데이터 추가 시: 해당 위치 카운터 +1
데이터 삭제 시: 해당 위치 카운터 -1 이제 삭제가 가능해졌습니다! 하지만 메모리 사용량이 3~4배($m$) 늘어납니다. 세상에 공짜는 없으니까요.

7.2. Cuckoo Filter (뻐꾸기 필터)

최근에는 블룸 필터보다 Cuckoo Filter가 대세입니다.

뻐꾸기 해싱(Cuckoo Hashing) 알고리즘을 사용합니다.
삭제가 가능하면서도 CBF보다 메모리를 훨씬 적게 씁니다.
데이터 조회 성능(Locality)도 더 좋습니다.
레디스(Redis)의 최신 모듈인 RedisBloom도 Cuckoo Filter를 지원합니다.

7.3. Scalable Bloom Filter (확장 가능한 블룸 필터)

블룸 필터는 처음에 사이즈($m$)를 정해야 합니다. 만약 예상보다 데이터($n$)가 10배 더 들어오면 오차율이 폭증합니다. 그렇다고 무작정 크게 잡으면 낭비죠. Scalable Bloom Filter는 필터가 가득 차면, 2배 더 큰 새로운 필터를 하나 더 만듭니다.

Layer 1 (1MB): 꽉 참.
Layer 2 (2MB): 새로 생성. 검사할 때는 Layer 1, 2를 순차적으로 확인합니다. 무한히 데이터를 받을 수 있지만, 필터 개수가 늘어날수록 조회 속도는 느려집니다.

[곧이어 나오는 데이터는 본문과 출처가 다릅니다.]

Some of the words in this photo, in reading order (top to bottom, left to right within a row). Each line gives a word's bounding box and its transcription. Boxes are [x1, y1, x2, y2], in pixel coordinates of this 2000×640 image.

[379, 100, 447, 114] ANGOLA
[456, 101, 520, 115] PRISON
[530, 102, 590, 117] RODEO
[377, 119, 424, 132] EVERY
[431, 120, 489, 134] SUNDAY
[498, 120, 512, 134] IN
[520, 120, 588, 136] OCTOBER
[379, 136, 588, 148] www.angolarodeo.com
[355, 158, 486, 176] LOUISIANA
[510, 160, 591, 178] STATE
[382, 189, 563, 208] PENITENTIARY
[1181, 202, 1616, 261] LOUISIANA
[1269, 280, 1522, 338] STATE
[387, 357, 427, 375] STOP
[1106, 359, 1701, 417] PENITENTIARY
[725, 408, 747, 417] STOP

7.4. 압축된 비트셋 (Golomb-Compressed Bitset)

비트 배열이 너무 희소(Sparse)하다면, 0이 너무 많아서 낭비일 수 있습니다. (예: 1GB 배열에 1비트만 1이라면?). 이때는 Golomb-Rice Coding 같은 기법으로 비트맵 자체를 압축해서 저장할 수도 있습니다. 하지만 압축을 풀면서 조회해야 하므로 CPU를 더 씁니다. (Time-Space Tradeoff).

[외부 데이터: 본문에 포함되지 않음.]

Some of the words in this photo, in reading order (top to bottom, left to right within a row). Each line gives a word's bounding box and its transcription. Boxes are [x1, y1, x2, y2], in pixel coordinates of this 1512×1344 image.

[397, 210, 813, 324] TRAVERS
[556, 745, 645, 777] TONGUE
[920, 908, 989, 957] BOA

8. 성능 비교 (vs HashSet vs BST)

블룸 필터가 얼마나 가벼운지 비교해봤다. (데이터 1000만 개 기준)

자료구조	시간 복잡도 (탐색)	공간 복잡도	메모리 사용량 (예상)	정확도
HashSet	$O(1)$	$O(N)$	약 640MB	100%
BST (Red-Black)	$O(\log N)$	$O(N)$	약 480MB	100%
Bloom Filter	$O(K)$	$O(M)$	약 12MB	99% (확률적)

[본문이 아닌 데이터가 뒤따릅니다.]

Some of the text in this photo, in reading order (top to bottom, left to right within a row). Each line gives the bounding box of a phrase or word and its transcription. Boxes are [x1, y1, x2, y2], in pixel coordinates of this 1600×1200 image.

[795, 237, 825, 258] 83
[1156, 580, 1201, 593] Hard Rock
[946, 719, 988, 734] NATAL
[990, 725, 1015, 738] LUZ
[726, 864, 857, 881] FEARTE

보시다시피 메모리 차이가 수십 배입니다. 메모리 차이가 수십 배라면, 정확도 1%를 포기하고 서버 비용을 대폭 절감할 수 있다는 사례들이 있다. 이것이 바로 Engineering Trade-off의 핵심입니다. 블룸 필터는 이 트레이드오프의 가장 우아한 예시입니다.

9. 용어 사전 (Glossary)

Bloom Filter: 원소가 집합에 속하는지 여부를 확률적으로 검사하는 공간 효율적 자료구조.
Bit Array: 0과 1로만 이루어진 배열. 메모리를 비트 단위로 써서 매우 작음.
False Positive: 실제로는 거짓인데 참이라고 잘못 판단하는 오류.
MurmurHash: 암호학적이지 않지만 연산 속도가 매우 빠르고 분포가 고른 해시 함수.
Cache Stampede: 캐시 만료 시 동시에 수많은 요청이 DB를 때리는 현상. 블룸 필터로 '없는 키'를 미리 걸러내어 방어할 수 있음.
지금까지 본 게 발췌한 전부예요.